__Activity__
Please copy every record below exactly and leave out the pictures.

Phrase grounding data
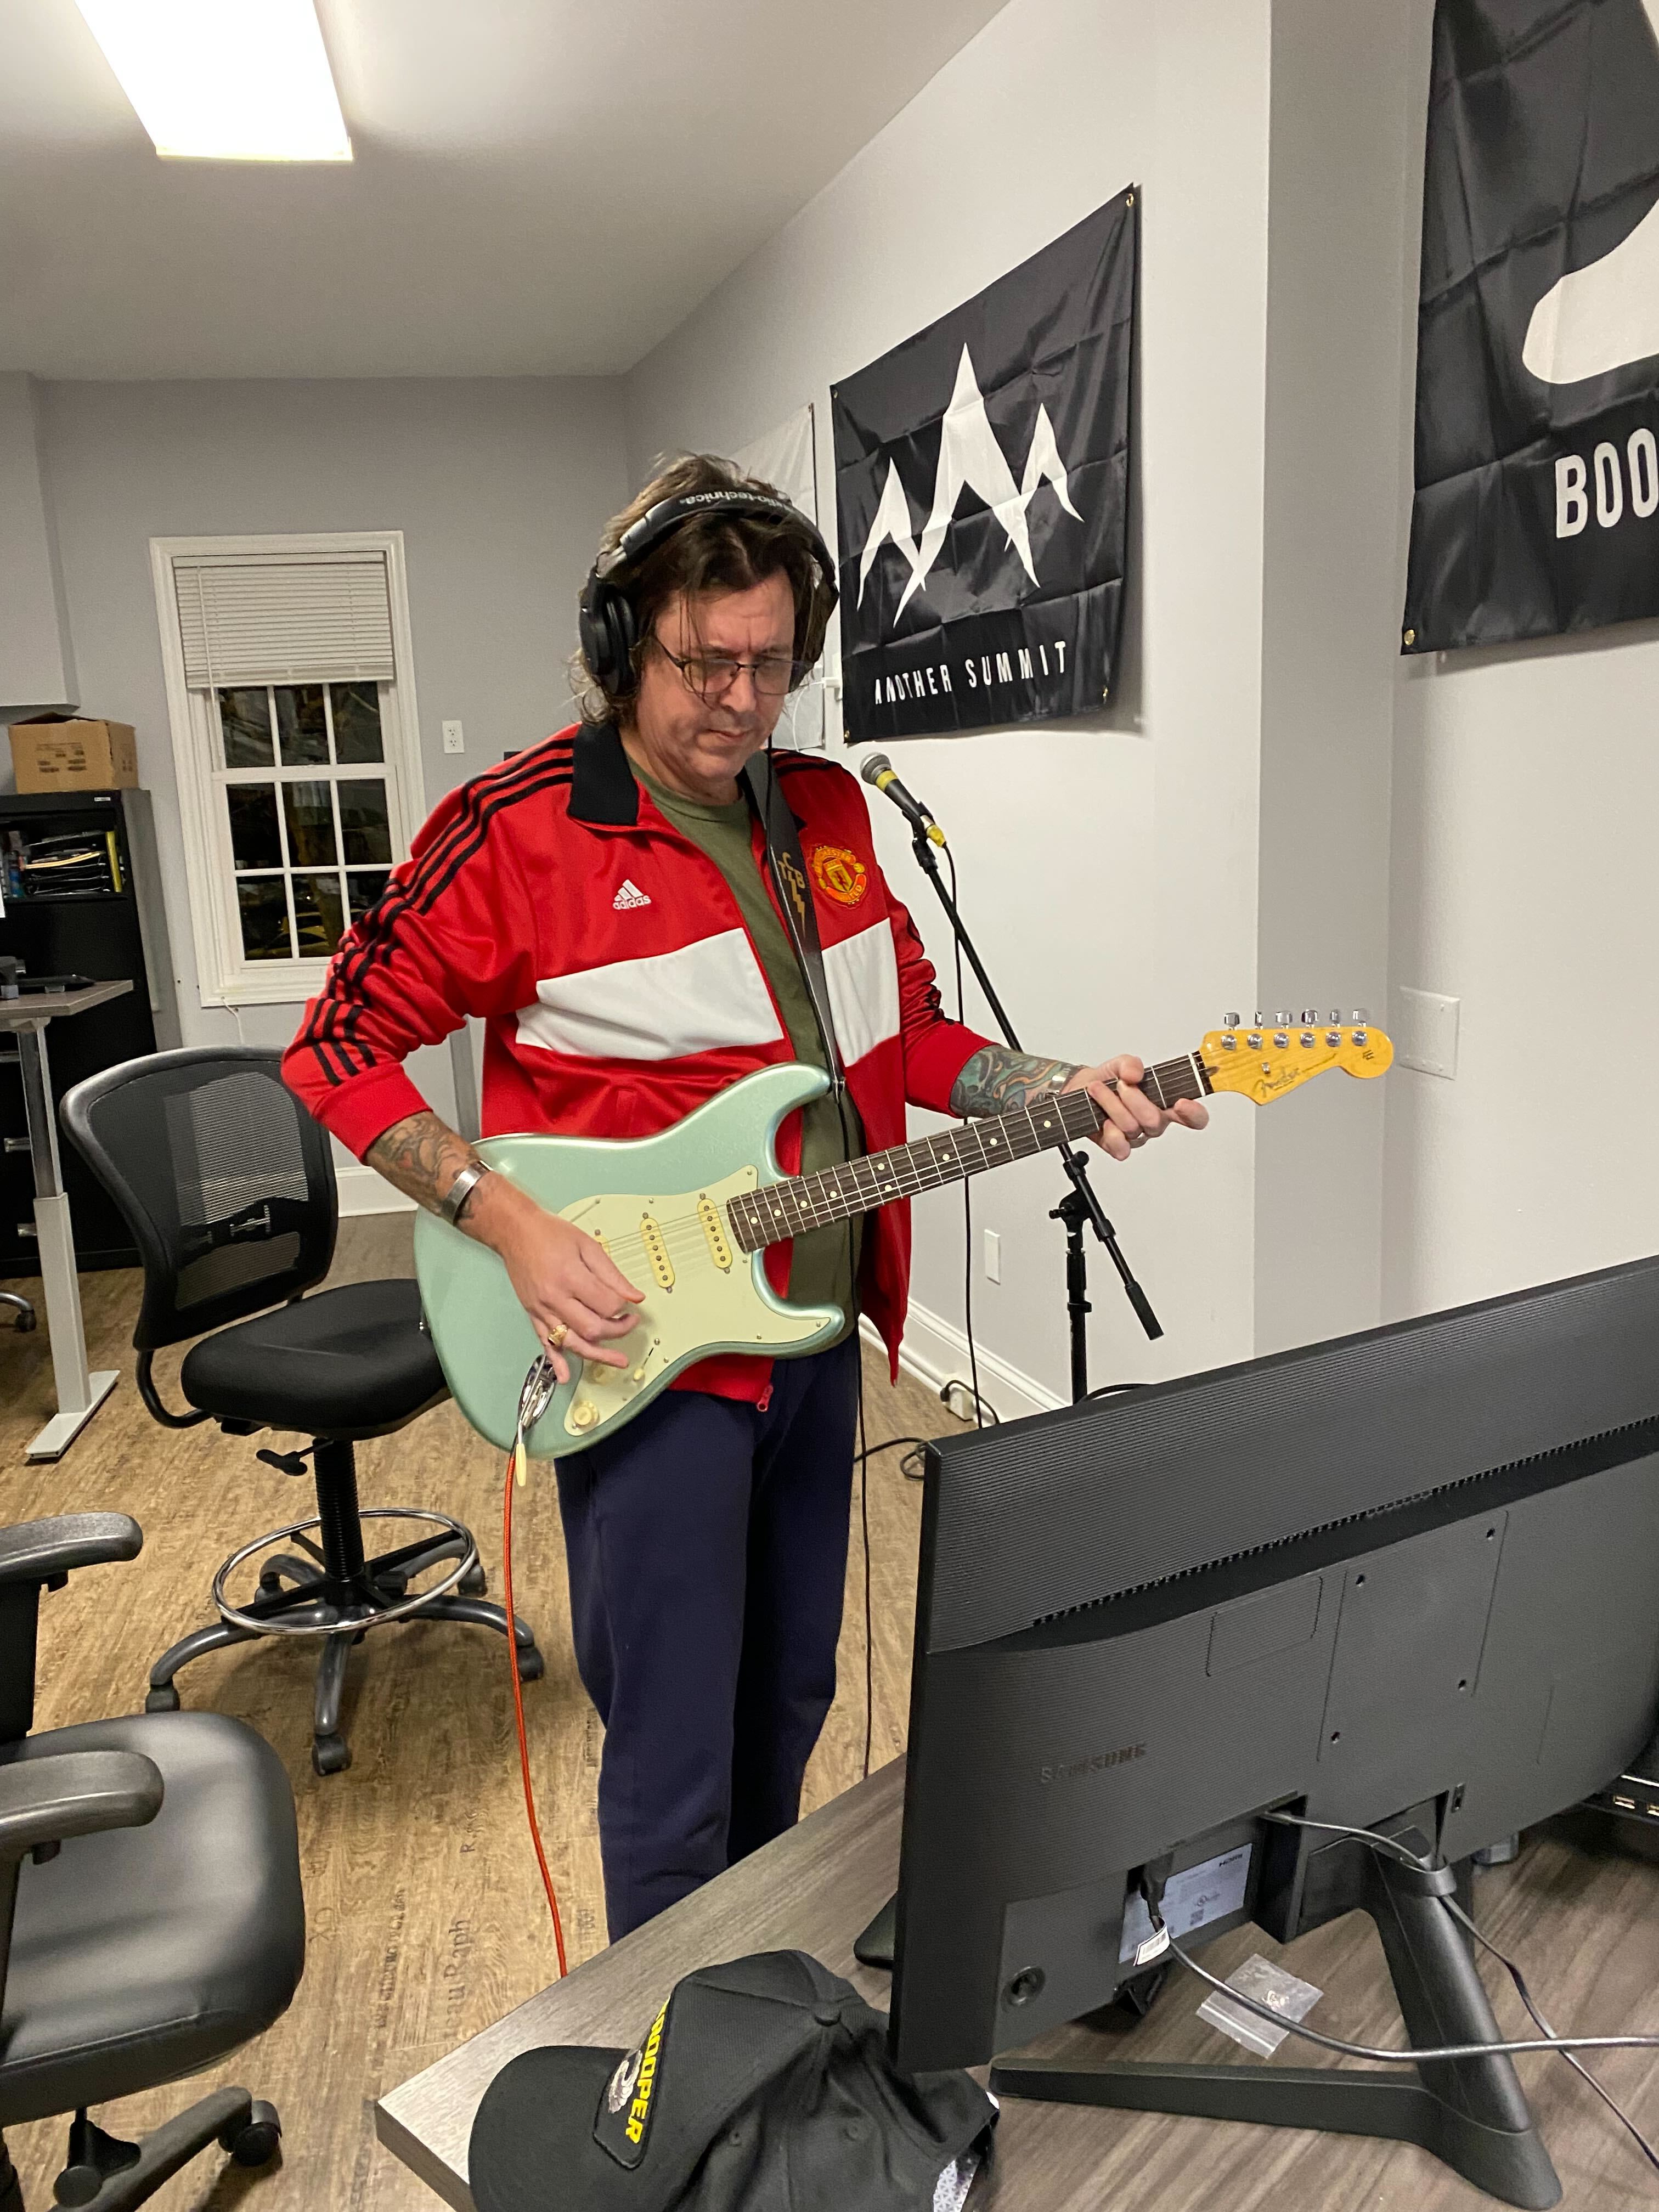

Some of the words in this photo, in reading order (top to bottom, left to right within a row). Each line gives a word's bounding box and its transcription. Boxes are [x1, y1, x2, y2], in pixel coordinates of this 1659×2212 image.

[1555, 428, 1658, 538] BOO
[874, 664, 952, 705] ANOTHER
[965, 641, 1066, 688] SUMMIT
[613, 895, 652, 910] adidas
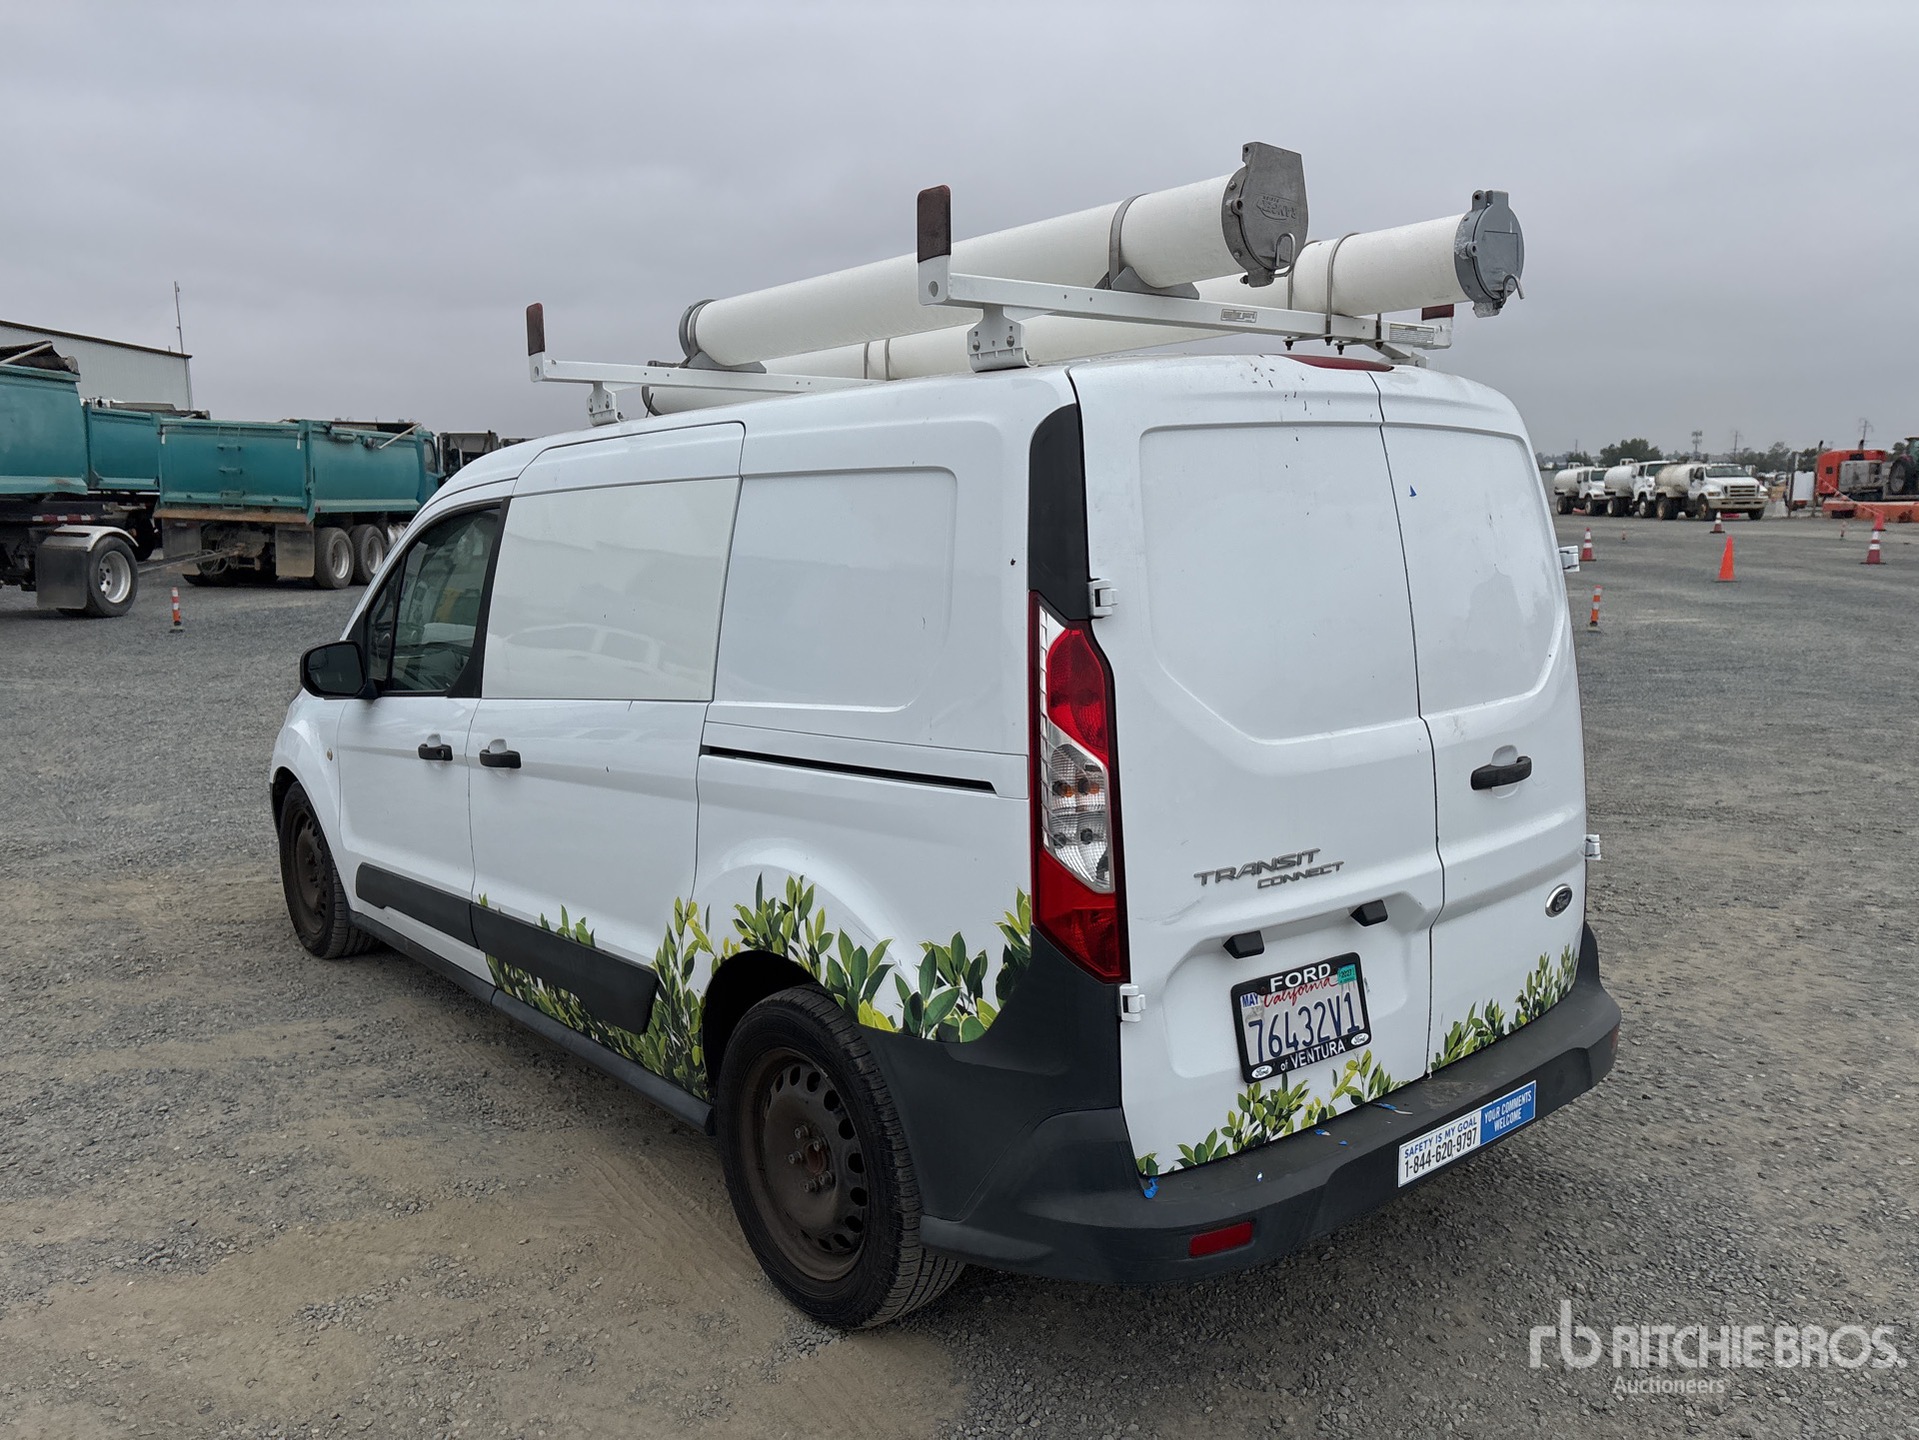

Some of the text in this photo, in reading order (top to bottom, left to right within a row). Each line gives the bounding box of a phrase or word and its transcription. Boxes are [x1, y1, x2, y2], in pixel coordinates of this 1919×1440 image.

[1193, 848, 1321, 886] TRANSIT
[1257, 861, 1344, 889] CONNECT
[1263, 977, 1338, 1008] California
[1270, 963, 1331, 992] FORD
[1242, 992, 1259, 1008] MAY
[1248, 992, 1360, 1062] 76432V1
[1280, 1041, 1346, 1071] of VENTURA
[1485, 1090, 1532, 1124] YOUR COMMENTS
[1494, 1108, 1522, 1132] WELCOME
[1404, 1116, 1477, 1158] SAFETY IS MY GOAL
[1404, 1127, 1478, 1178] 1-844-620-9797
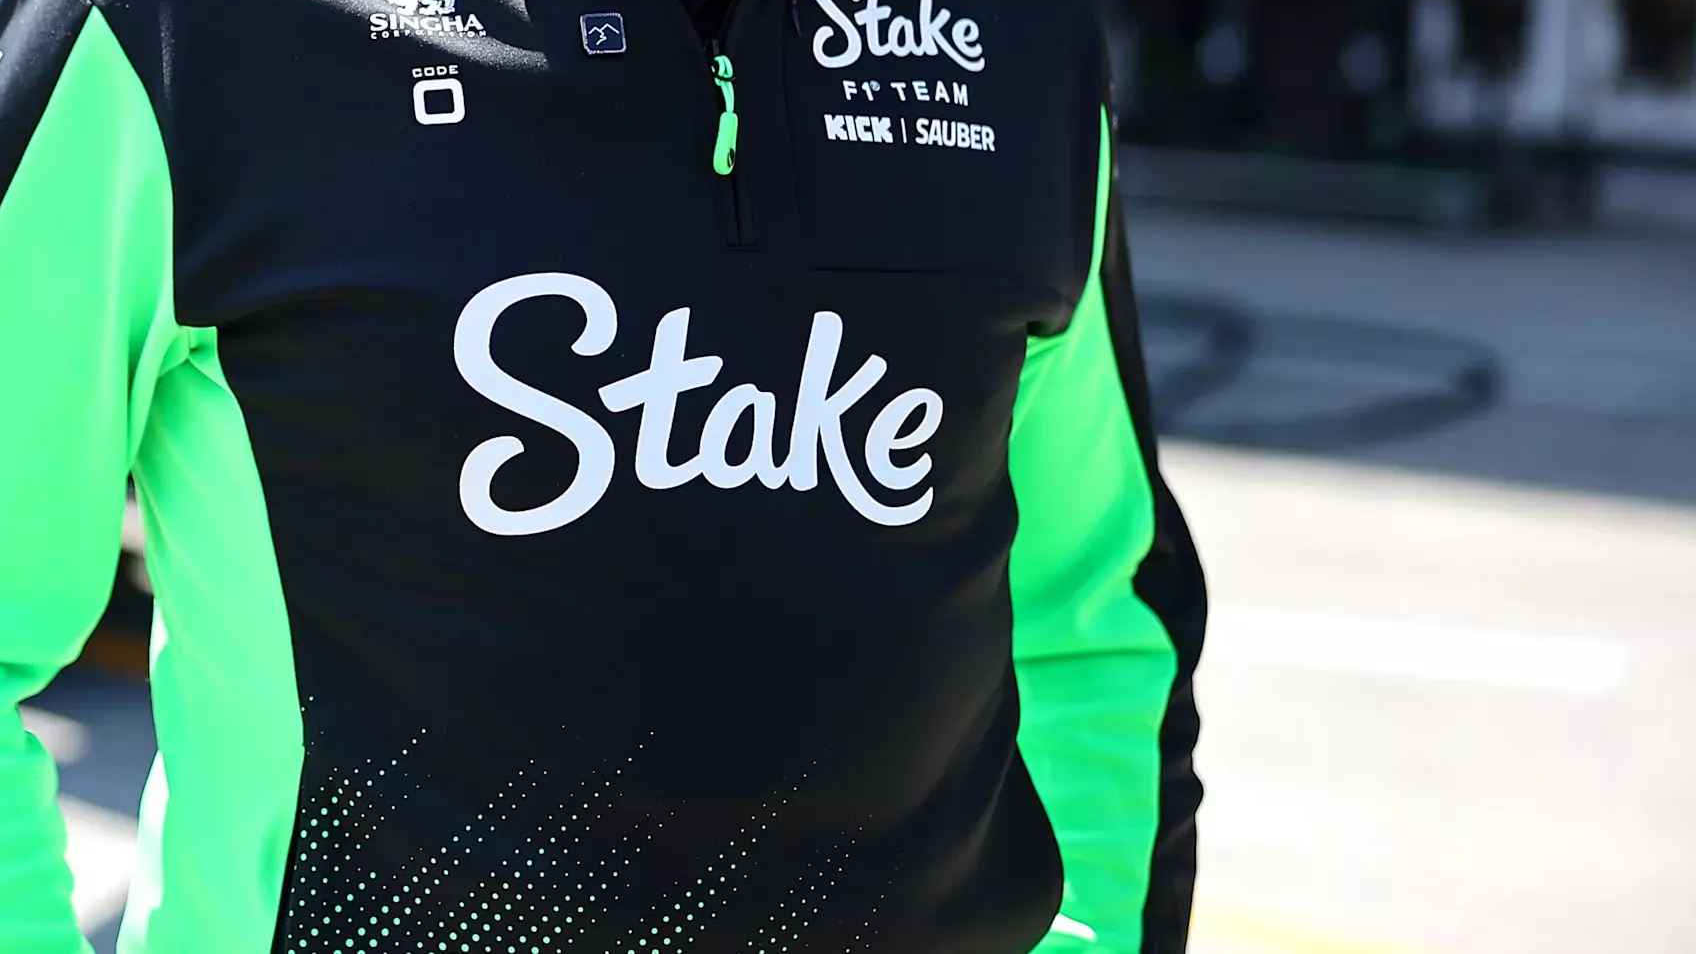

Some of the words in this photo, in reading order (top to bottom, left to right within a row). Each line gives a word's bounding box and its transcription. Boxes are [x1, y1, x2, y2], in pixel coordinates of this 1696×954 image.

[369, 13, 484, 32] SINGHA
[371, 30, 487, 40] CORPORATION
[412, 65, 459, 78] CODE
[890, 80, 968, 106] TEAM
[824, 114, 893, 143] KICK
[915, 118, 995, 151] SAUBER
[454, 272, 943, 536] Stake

__Solution for this problem__
Some of the words in this photo, in reading order (top to bottom, left to right within a row). Each line gives a word's bounding box and its transcription. Boxes are [x1, y1, x2, y2], in pixel coordinates of this 1659×2212 image.

[1555, 428, 1658, 538] BOO
[874, 664, 952, 705] ANOTHER
[965, 641, 1066, 688] SUMMIT
[613, 895, 652, 910] adidas

Some of the text in this photo, in reading order (top to bottom, left to right within a row). Each line gives the bounding box of a phrase or word and its transcription. Boxes are [x1, y1, x2, y2], in pixel coordinates of this 1919×1440 image.

[1193, 848, 1321, 886] TRANSIT
[1257, 861, 1344, 889] CONNECT
[1263, 977, 1338, 1008] California
[1270, 963, 1331, 992] FORD
[1242, 992, 1259, 1008] MAY
[1248, 992, 1360, 1062] 76432V1
[1280, 1041, 1346, 1071] of VENTURA
[1485, 1090, 1532, 1124] YOUR COMMENTS
[1494, 1108, 1522, 1132] WELCOME
[1404, 1116, 1477, 1158] SAFETY IS MY GOAL
[1404, 1127, 1478, 1178] 1-844-620-9797

Some of the words in this photo, in reading order (top to bottom, left to right within a row). Each line gives a word's bounding box and its transcription. Boxes are [x1, y1, x2, y2], in pixel coordinates of this 1696×954 image.

[369, 13, 484, 32] SINGHA
[371, 30, 487, 40] CORPORATION
[412, 65, 459, 78] CODE
[890, 80, 968, 106] TEAM
[824, 114, 893, 143] KICK
[915, 118, 995, 151] SAUBER
[454, 272, 943, 536] Stake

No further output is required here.